(Beginning of Data for this task)

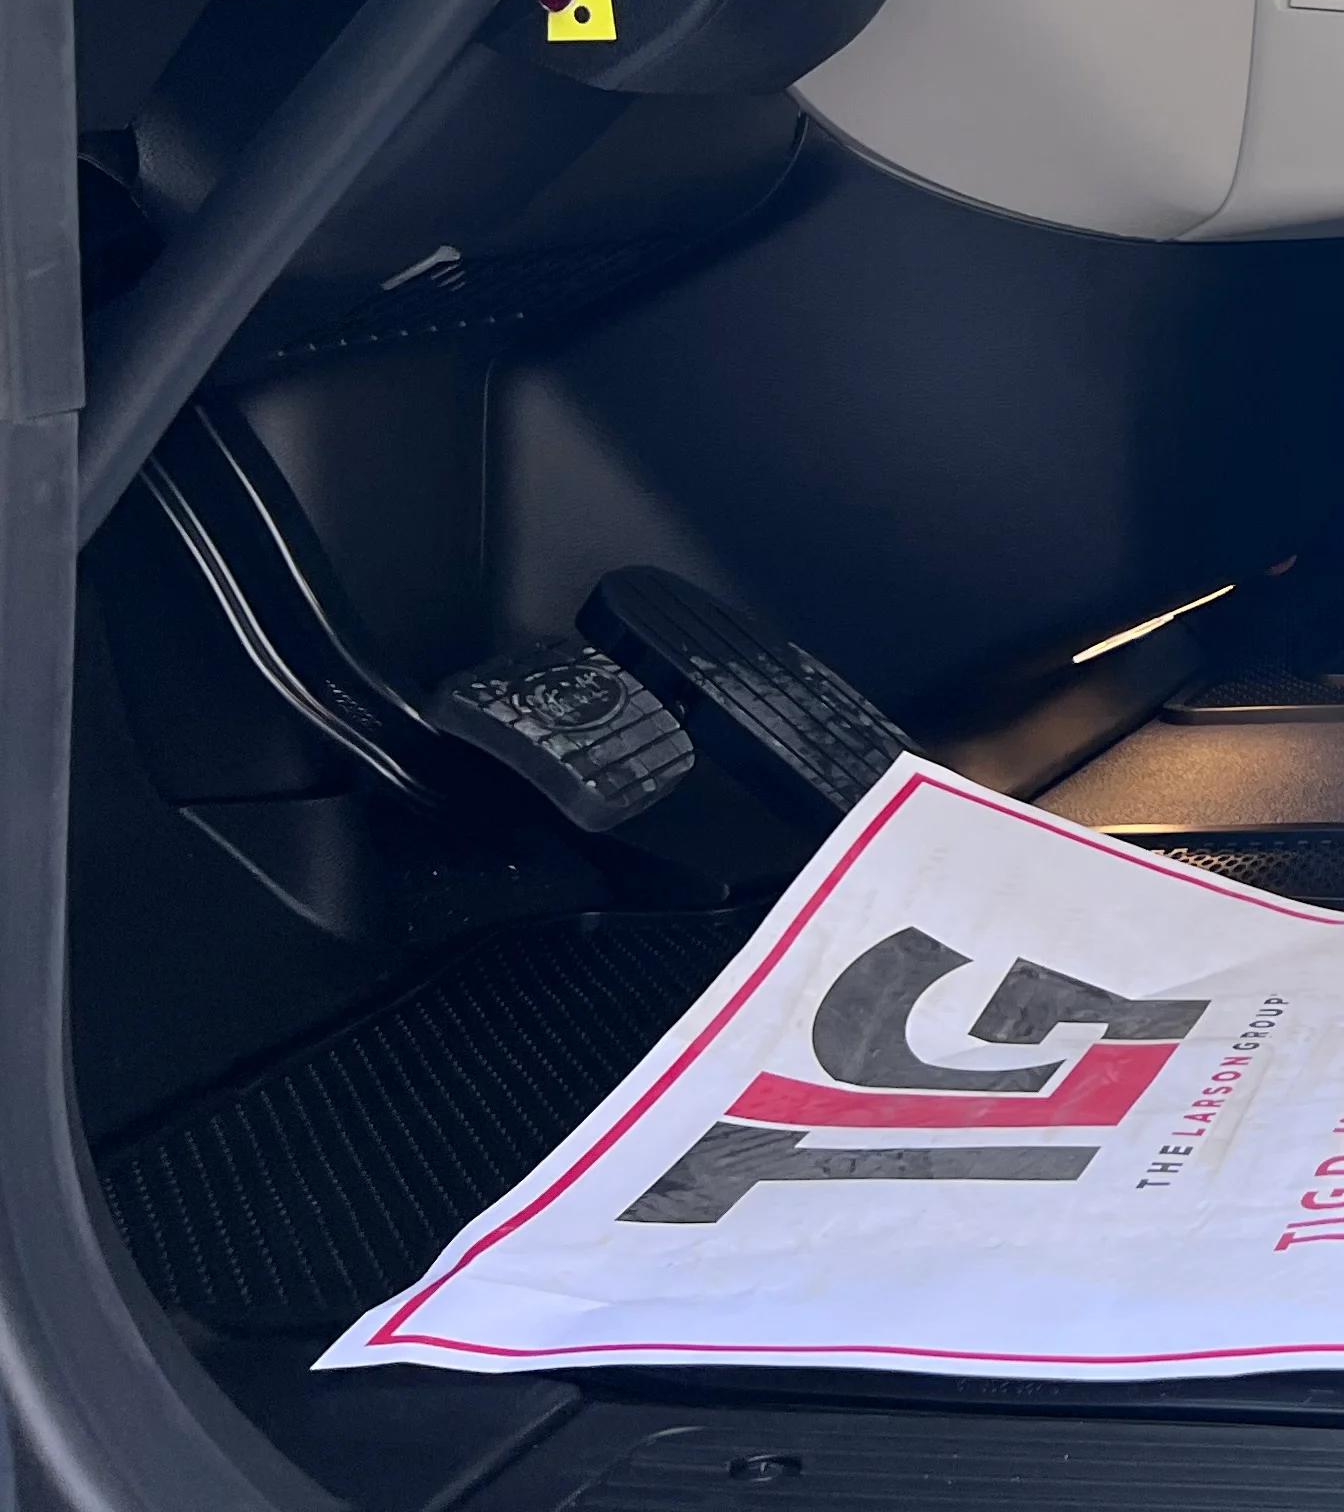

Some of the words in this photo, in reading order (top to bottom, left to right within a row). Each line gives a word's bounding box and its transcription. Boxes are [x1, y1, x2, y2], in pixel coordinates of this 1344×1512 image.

[615, 926, 1211, 1223] TLG
[1136, 1144, 1194, 1189] THE
[1171, 1056, 1251, 1137] LARSON
[1232, 996, 1289, 1051] GROUP
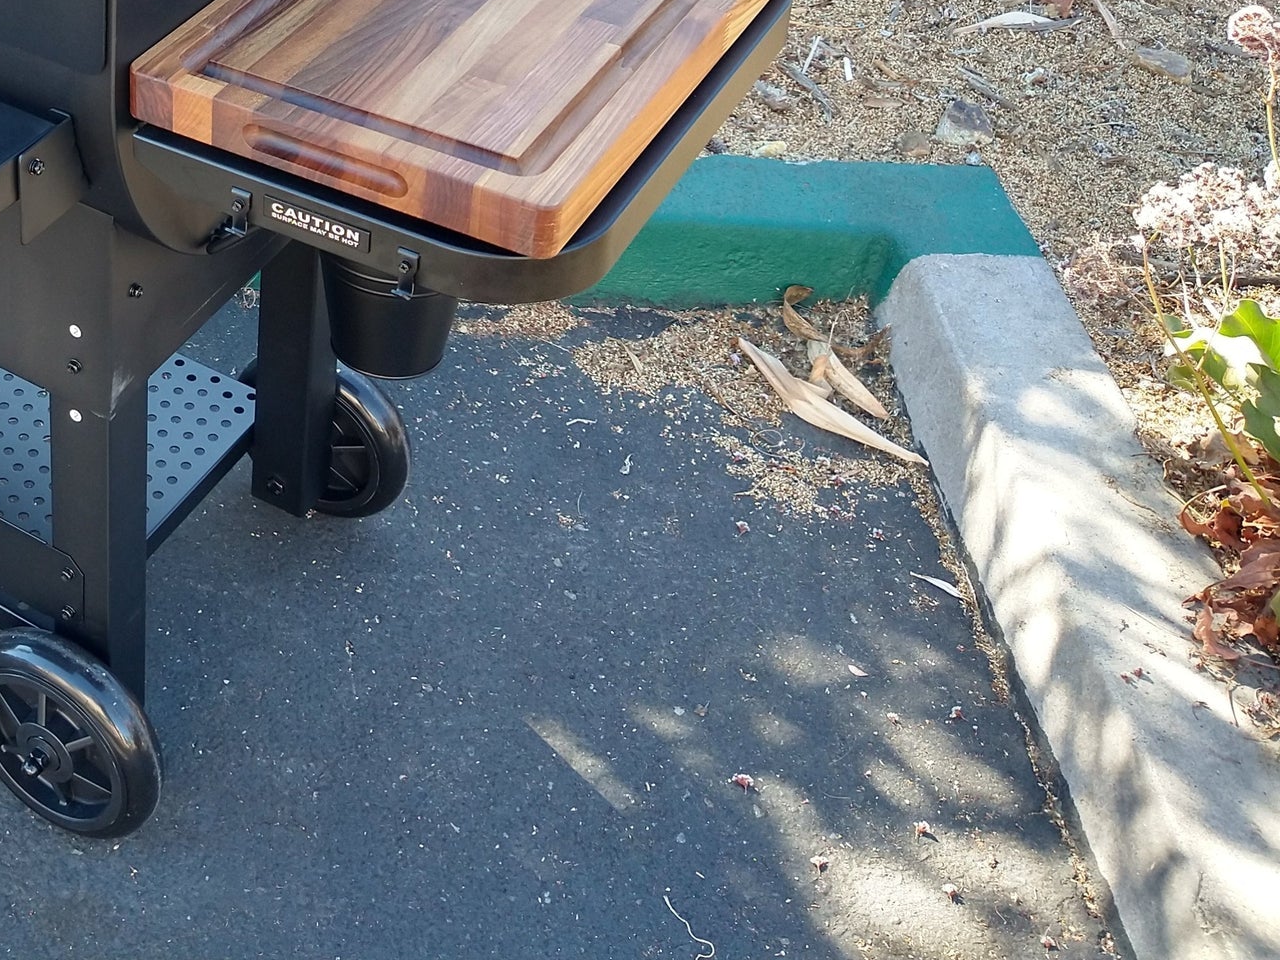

(End of Data for this task)

Required work: Reproduce the whole listing exactly, but not the images in it.

Written reply:
Some of the words in this photo, in reading order (top to bottom, left to right within a row). Each line gives a word's bounding box and its transcription. Boxes are [x1, y1, x2, y2], in pixel coordinates of this 1344×1512 image.

[615, 926, 1211, 1223] TLG
[1136, 1144, 1194, 1189] THE
[1171, 1056, 1251, 1137] LARSON
[1232, 996, 1289, 1051] GROUP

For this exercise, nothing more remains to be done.